Peggy would become Cain’s third wife. In Catholic Spain, three was two too many. The couple tied the knot in Tripoli, Libya, where they spent a month in 1956 in order to established residence.
They eventually set sail for California on a freighter from Italy, travelling through the Panama Canal and points south for “forty days and forty nights,” as Peggy recalls. They settled in South Laguna and had two sons: Peter Craig in 1956 and Michael Sean in 1958. According to Peggy, Sims, now in his fifties, wasn’t hitting the bottle any more than was usual for the period. She describes a happy and charmed life, although she admits his old Hollywood friends may have wondered what he was doing “with that little girl.” He was a kind, loving man — a snazzy dresser and a wonderful cook — but simply couldn’t provide for his family. He refused to abandon his identity as a writer, even when the writing opportunities had dried up for good. Peggy sensed that his old friends weren’t as eager to see him as he was to see them. He didn’t seem to be writing much anyhow. But pumping gas wasn’t an option, nor was letting Peggy work.
When Peter Craig was ten months old, the family travelled cross-country in Sims’s Thunderbird, paying a visit to the Gregsons in Virginia. The dashing author wowed Peggy’s friends, but unnerved her parents. In December 1958, a few months after Michael Sean’s birth, the family went east again. Sims first connected with his friend Jim Lowry in Washington, D.C., and then took off for Cuba. Peggy and the kids settled with her parents in Virginia.
Sims had tried to consolidate his personae as early as the mid-’40s, when he’d composed a bio for Shaw’s Omnibus that began, “Paul Cain is Peter Ruric, wrote his first crime novel in the early thirties on a bet.” Shaw did not to use it (although a smaller “Peter Ruric” did appear in parentheses below “Paul Cain”). Sims had also swapped “Peter Ruric” for “Paul Cain” on the tear sheets of the stories in Seven Slayers, which now sit in the Joseph Shaw papers at UCLA’s Young Research Library. The publishers kept “Paul Cain.”

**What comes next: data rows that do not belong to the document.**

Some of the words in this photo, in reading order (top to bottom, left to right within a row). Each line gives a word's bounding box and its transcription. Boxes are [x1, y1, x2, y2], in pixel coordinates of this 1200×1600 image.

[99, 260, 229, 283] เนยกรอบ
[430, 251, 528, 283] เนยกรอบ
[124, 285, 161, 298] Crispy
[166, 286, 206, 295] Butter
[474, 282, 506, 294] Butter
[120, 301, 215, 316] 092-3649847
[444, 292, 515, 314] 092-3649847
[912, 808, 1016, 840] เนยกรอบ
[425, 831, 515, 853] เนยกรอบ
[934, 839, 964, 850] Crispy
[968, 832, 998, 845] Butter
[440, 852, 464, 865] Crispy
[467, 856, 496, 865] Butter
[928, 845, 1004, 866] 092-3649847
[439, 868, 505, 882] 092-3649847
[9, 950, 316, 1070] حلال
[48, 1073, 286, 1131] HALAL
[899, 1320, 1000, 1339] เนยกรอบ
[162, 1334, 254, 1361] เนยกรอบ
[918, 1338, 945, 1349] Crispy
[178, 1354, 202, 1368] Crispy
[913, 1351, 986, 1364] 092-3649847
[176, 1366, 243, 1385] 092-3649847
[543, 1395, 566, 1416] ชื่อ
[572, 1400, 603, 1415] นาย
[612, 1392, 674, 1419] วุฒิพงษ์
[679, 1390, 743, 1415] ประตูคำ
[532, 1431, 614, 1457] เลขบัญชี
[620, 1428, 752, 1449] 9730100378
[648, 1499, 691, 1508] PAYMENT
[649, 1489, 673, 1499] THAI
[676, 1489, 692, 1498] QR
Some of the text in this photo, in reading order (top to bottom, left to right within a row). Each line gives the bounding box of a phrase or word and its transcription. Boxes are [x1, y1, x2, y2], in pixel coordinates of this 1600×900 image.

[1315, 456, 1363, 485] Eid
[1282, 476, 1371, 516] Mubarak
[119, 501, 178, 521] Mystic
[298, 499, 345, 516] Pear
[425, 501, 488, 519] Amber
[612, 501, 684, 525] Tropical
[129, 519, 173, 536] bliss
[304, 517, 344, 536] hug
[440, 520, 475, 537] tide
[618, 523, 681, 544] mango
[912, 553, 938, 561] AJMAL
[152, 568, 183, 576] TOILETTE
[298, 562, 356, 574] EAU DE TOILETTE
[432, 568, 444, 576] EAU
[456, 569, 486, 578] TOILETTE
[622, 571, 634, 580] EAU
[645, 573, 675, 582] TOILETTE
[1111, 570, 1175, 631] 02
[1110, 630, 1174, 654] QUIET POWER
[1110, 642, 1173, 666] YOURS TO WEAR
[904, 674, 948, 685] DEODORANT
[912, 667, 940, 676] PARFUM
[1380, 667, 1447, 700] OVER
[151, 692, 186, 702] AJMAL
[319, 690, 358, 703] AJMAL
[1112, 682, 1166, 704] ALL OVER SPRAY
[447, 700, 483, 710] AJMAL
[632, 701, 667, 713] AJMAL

On top of all his other woes — both mental and material — this diffusion of identity must have been exhausting. Nowhere is that exhaustion more evident than in the letters and postcards that Sims sent Peggy and his sons in the late ’50s and early ’60s, care of her family and friends in Virginia. He was no longer able to control or keep up the appearances that were so important to him. Bowman secured some of these letters from Peggy in the 1980s, and copies now sit in the E. R. Hagemann papers at UCLA’s Young Research Library.

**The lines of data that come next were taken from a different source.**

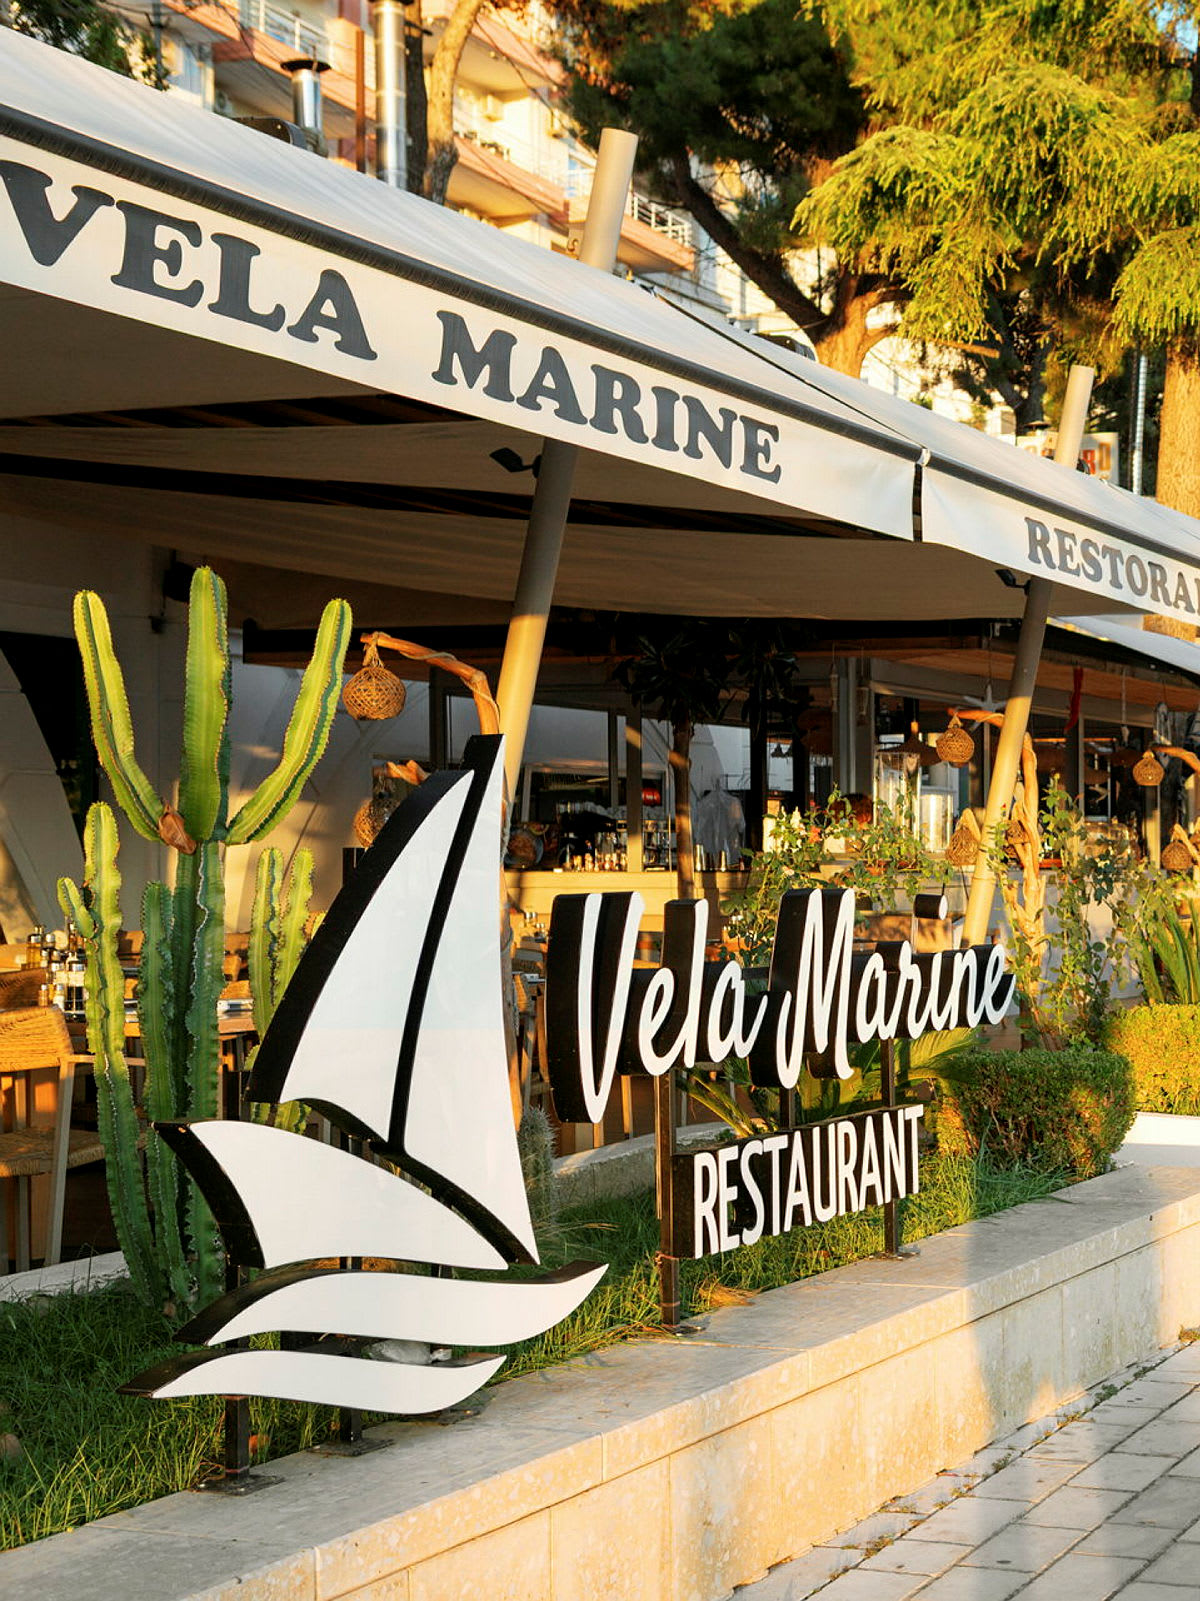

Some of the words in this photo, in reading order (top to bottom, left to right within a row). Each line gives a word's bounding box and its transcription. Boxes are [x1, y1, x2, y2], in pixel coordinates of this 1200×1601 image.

[0, 159, 378, 361] VELA
[432, 310, 782, 485] MARINE
[577, 891, 768, 1123] Vela
[776, 888, 1017, 1089] Marine
[693, 1104, 925, 1260] RESTAURANT

Reading them can be a painful experience. One of the longer letters is a New Year’s greeting, written aboard a German liner in Havana on the evening of December 31, 1958, and the morning of January 1, 1959 — on the eve of Batista’s flight. Sims writes of his failing health, an unsuccessful attempt to place a novel called Truce, faint hope for a play called The Ecstasy Department, and his generally dwindling prospects:
“Truce” is out for the moment, honey — Doubleday is edgy about it being “uncompromisingly sexual” — they didn’t say sexy, they said sexual — and they’ll have to see more of it and for this time of unpeace it isn’t the answer. Maybe The Ecstasy Department is, but it’s in a trunk in Laguna. It probably isn’t the answer either — there are so few answers left for a man with thought shaped like mine who is fighting for so much more than his life. I thought of a cheap hotel in some small town by the sea in Florida. Is there one? So. After, conceivably, getting physically well in the sun, what would I do? I thought of S. America. I thought of Africa. (I whisper this, ever so gently — a man in even consummately concealed sorrow is not made welcome in new places. They know. He’s not made welcome in old places either. I may learn to ever more consummately conceal it during this, God grant, short empty interval, but I shall never be really welcome again anywhere until I am whole again. Stop. Unwhisper.)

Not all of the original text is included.